--- START ---
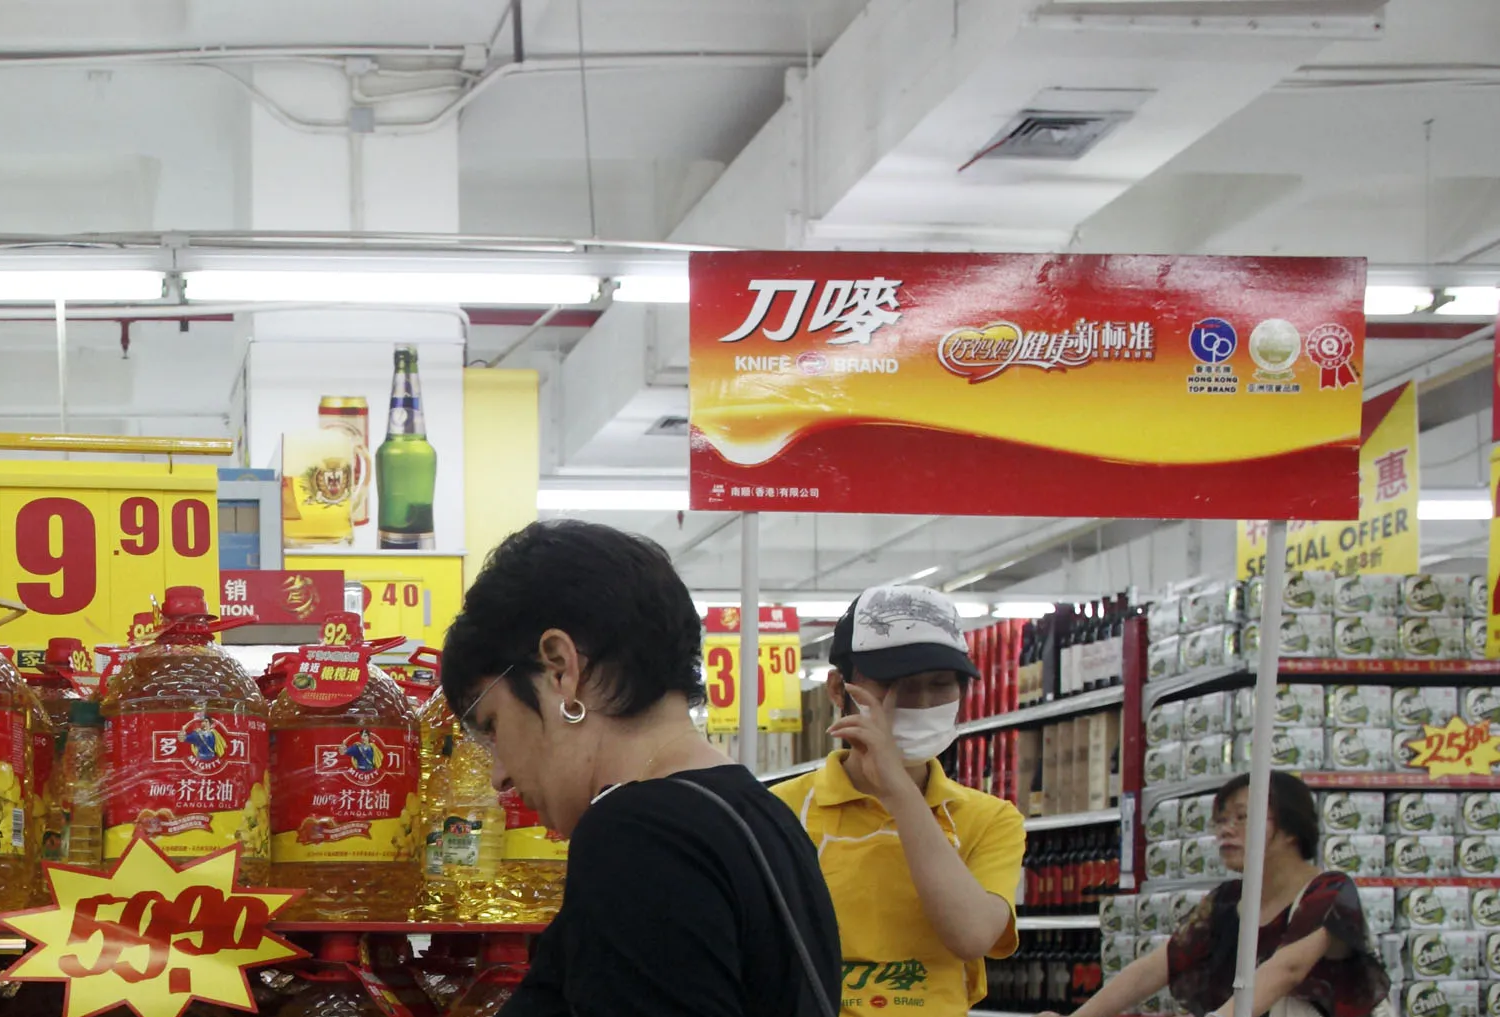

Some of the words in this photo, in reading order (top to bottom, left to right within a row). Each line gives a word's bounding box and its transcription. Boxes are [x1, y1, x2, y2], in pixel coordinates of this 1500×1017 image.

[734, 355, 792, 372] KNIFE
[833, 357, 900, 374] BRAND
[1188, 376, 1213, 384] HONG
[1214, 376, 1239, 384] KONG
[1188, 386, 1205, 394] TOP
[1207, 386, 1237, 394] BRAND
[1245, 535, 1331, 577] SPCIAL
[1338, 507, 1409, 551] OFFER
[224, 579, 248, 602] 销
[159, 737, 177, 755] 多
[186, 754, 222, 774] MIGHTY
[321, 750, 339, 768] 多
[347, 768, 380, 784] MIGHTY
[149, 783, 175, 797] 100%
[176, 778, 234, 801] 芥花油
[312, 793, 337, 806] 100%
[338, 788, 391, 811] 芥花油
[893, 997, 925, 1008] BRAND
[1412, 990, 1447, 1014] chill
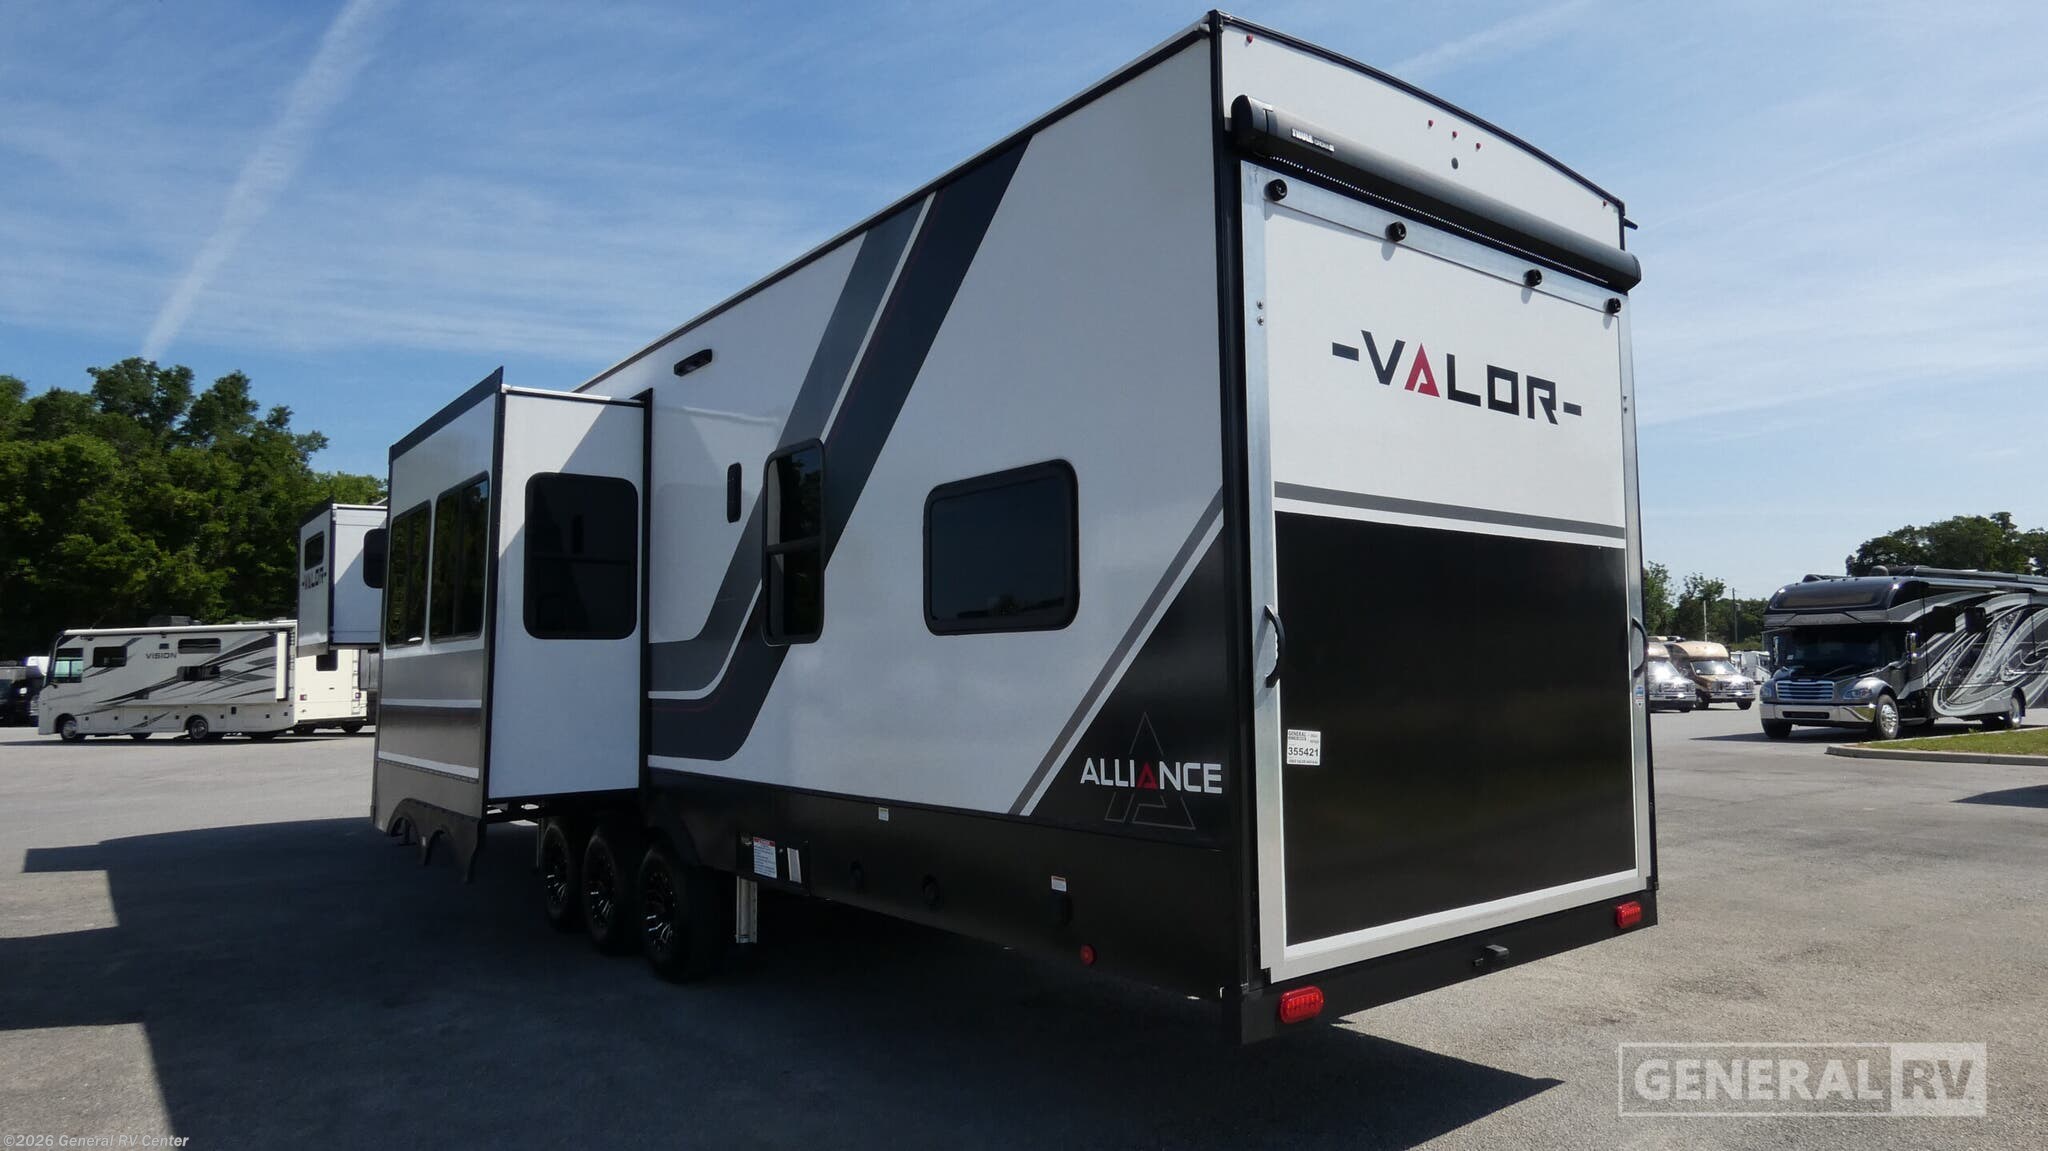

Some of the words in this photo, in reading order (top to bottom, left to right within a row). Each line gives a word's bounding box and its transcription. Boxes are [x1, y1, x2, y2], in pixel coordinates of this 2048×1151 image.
--- END ---
--- START ---
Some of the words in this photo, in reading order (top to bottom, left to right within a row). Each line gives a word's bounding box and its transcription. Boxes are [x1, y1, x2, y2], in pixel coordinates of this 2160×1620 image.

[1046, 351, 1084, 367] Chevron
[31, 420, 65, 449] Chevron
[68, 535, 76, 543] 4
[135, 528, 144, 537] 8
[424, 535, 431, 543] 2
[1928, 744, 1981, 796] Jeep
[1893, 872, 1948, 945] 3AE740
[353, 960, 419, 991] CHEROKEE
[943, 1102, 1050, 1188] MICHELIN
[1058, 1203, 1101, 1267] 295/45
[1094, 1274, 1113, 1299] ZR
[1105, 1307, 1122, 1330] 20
--- END ---
--- START ---
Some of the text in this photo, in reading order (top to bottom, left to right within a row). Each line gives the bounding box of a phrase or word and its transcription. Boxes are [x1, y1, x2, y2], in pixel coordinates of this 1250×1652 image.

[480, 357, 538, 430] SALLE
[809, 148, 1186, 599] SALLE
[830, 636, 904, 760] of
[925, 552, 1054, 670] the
--- END ---
Set down, exactly as written above, each line from the one with "this 1500×1017 image." through the one with "this 2048×1151 image.", and skip the pictures.

Some of the words in this photo, in reading order (top to bottom, left to right within a row). Each line gives a word's bounding box and its transcription. Boxes are [x1, y1, x2, y2], in pixel coordinates of this 1500×1017 image.

[734, 355, 792, 372] KNIFE
[833, 357, 900, 374] BRAND
[1188, 376, 1213, 384] HONG
[1214, 376, 1239, 384] KONG
[1188, 386, 1205, 394] TOP
[1207, 386, 1237, 394] BRAND
[1245, 535, 1331, 577] SPCIAL
[1338, 507, 1409, 551] OFFER
[224, 579, 248, 602] 销
[159, 737, 177, 755] 多
[186, 754, 222, 774] MIGHTY
[321, 750, 339, 768] 多
[347, 768, 380, 784] MIGHTY
[149, 783, 175, 797] 100%
[176, 778, 234, 801] 芥花油
[312, 793, 337, 806] 100%
[338, 788, 391, 811] 芥花油
[893, 997, 925, 1008] BRAND
[1412, 990, 1447, 1014] chill

Some of the words in this photo, in reading order (top to bottom, left to right within a row). Each line gives a word's bounding box and its transcription. Boxes are [x1, y1, x2, y2], in pixel coordinates of this 2048×1151 image.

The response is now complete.